───── Recorded data

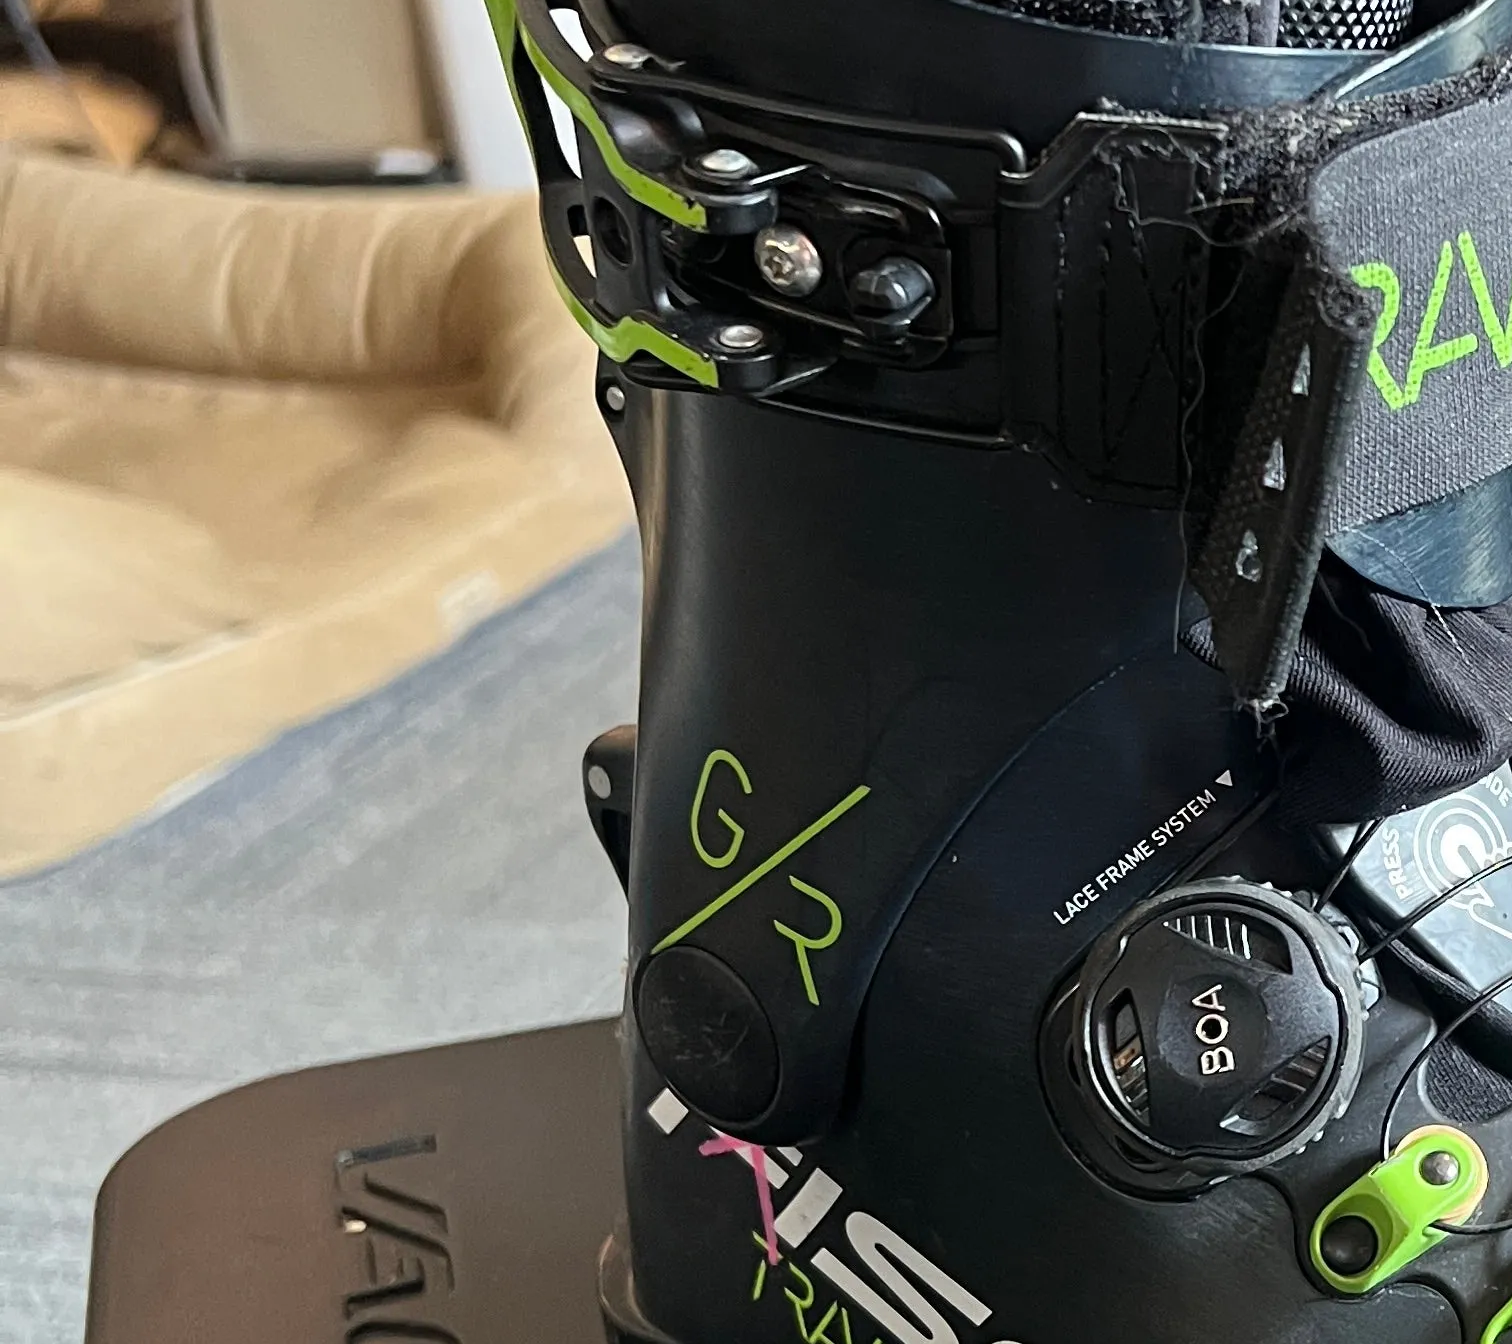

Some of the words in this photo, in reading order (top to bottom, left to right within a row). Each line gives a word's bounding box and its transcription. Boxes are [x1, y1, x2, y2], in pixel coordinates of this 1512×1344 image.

[1053, 883, 1100, 925] LACE
[1095, 839, 1155, 891] FRAME
[1151, 788, 1217, 847] SYSTEM
[1382, 827, 1412, 900] PRESS
[1192, 983, 1235, 1076] BOA
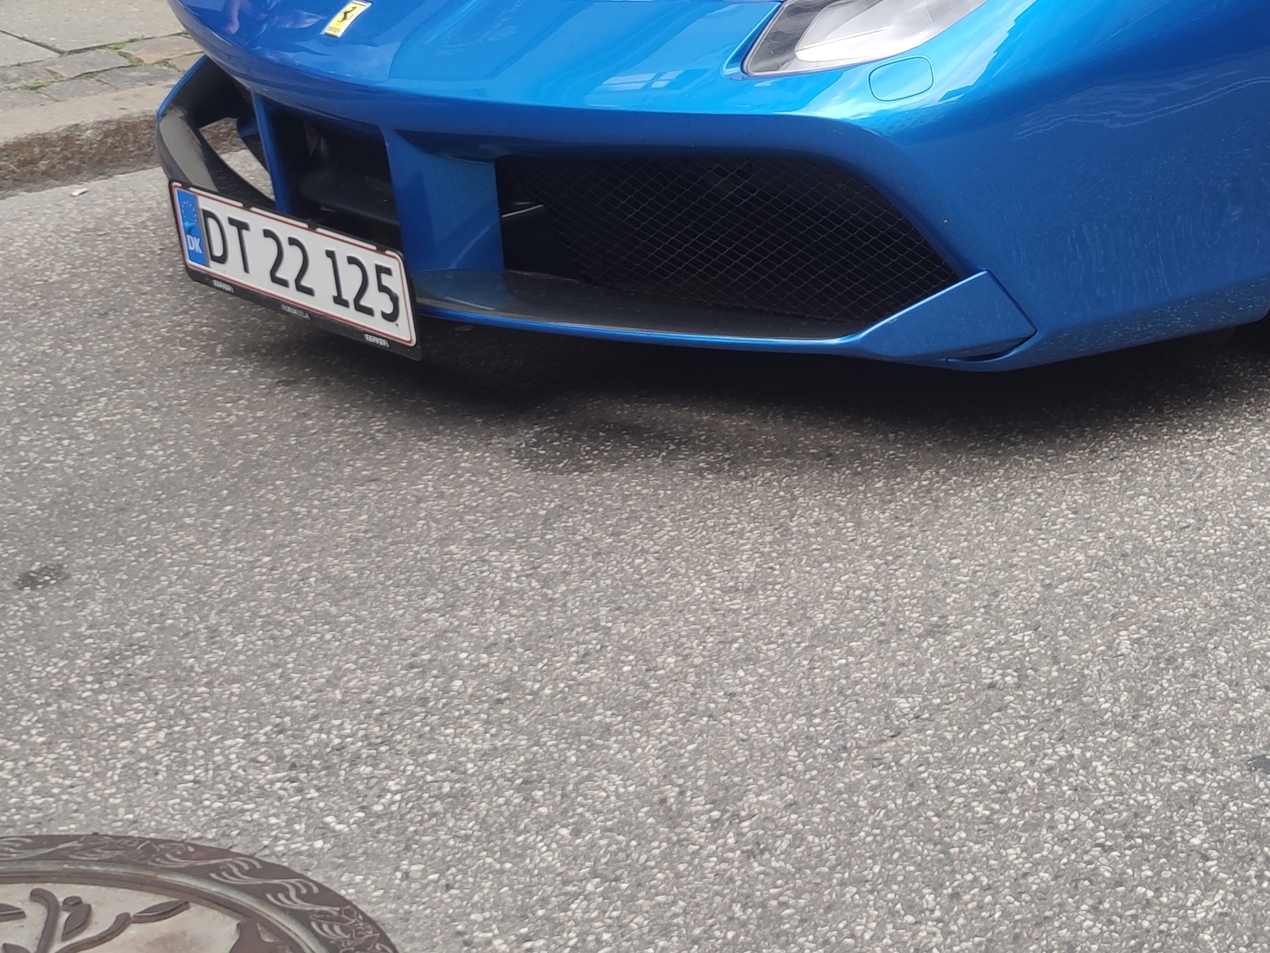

──────────

» **Instructions for the task**
Retype the entries exactly, skipping every picture.

» **Written answer**
Some of the words in this photo, in reading order (top to bottom, left to right within a row). Each line gives a word's bounding box and its transcription. Boxes are [x1, y1, x2, y2], in pixel coordinates of this 1512×1344 image.

[1053, 883, 1100, 925] LACE
[1095, 839, 1155, 891] FRAME
[1151, 788, 1217, 847] SYSTEM
[1382, 827, 1412, 900] PRESS
[1192, 983, 1235, 1076] BOA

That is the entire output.